A girl pulls her case to the evacuation centre at the Roseau River First Nation to be transported to Winnipeg, Manitoba on April 24, 2011. THE CANADIAN PRESS/John Woods

It's been almost three years since spring flooding in Manitoba inundated First Nations reserves but some 2,000 people are still living in temporary housing, and the cost to Ottawa has reached $90 million and counting.

The situation is frustrating Manitoba Emergency Measures Minister Steve Ashton, who told The Canadian Press that Ottawa could save money in the long run by doing more to protect reserves against flooding.

“First Nations are chronically underfunded when it comes to infrastructure,” Ashton said in an interview with CP. “If you are looking at a longer-term fix . . . you’re into the tens of millions of dollars. But the alternative is what we’ve seen where, year after year, those First Nations are impacted by flooding.”

Evacuees have been out of their homes since March 2011. Most are living in hotels and temporary housing scattered around the province at a cost to the federal government of $1.5 million a month for food and shelter, CP reported.

[ Related: Debts go unpaid as Manitoba flood evacuees from 2011 remain displaced ]

That money could have been better spent upgrading aboriginal communities so they don't get flooded in the first place, Ashton said.

“The federal government itself is 100-per-cent responsible because of its fiduciary relationship with First Nations,” he said. “It makes sense, most importantly for the human side, to make sure people don’t have to go through the trauma of flooding – but [it] also makes sense financially.”

One reserve, Lake St. Martin, has been declared uninhabitable and a search is underway to find a new home. The province has identified some land for a new reserve and is at work finalizing an agreement with Ottawa.

The reserve was inundated after Manitoba officials diverted water from the Assiniboine River to spare Winnipeg from flooding, the Globe and Mail reported last fall. Ironically, many residents have been living in Winnipeg hotel rooms ever since.

CP said it couldn't get an interview with federal Aboriginal Affairs Minister Bernard Valcourt but his office emailed a statement from him.

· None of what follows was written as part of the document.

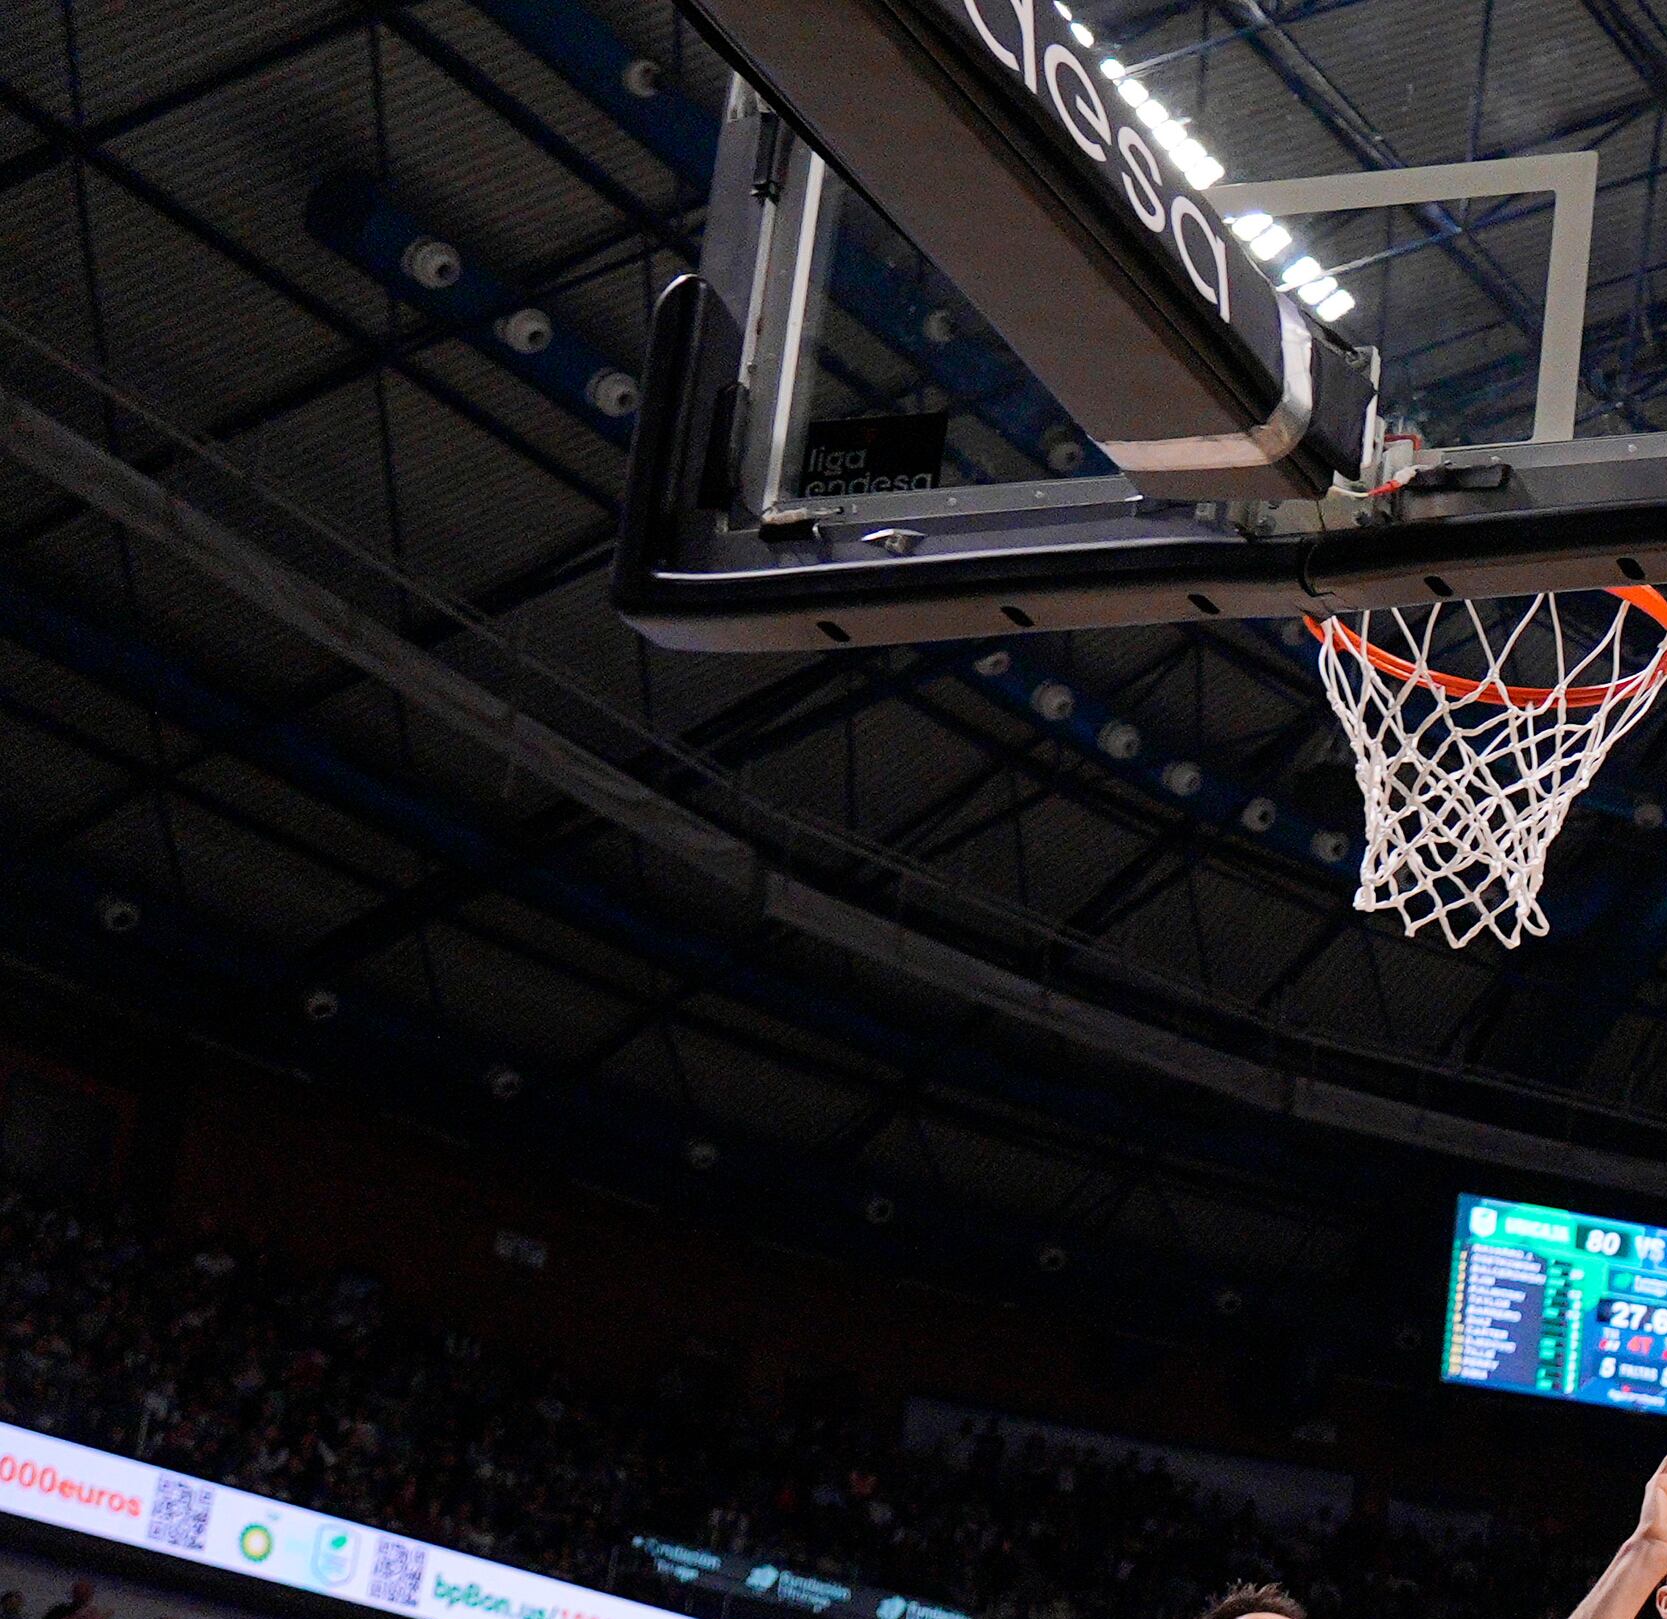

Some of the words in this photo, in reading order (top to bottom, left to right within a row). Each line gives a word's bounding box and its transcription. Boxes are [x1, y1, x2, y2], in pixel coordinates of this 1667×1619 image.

[807, 446, 867, 476] liga
[1585, 1228, 1621, 1256] 80
[1634, 1234, 1666, 1263] VS

“The health and safety of First Nation communities is a priority for our government, including timely, effective and efficient support in times of emergency,” Valcourt said in the email.

“That is why we are taking action to ensure that all residents of First Nation communities receive emergency services comparable to those that protect every other Canadian. We will work with provinces and territories to support stronger and more resilient First Nation communities.”

[ Related: Floodwaters devastate First Nations communities in Alberta ]

But how do you define timely aid when people are still living in hotels almost three years after a disaster? It's unlikely a group of non-aboriginal Canadians would face the same delays in returning home.

In flood-ravaged southern Alberta, where a thousand members of the Siksika First Nation east of Calgary were forced from their homes in June, the province and the band have an $83-million agreement to rebuild housing an infrastructure, the Calgary Sun reported in November.

The deal between the Siksika and Alberta will not only restore the reserve but also add improvements – which the province won't fund – and provide job and skills-training opportunities for First Nation members in the rebuilding program, the Sun reported.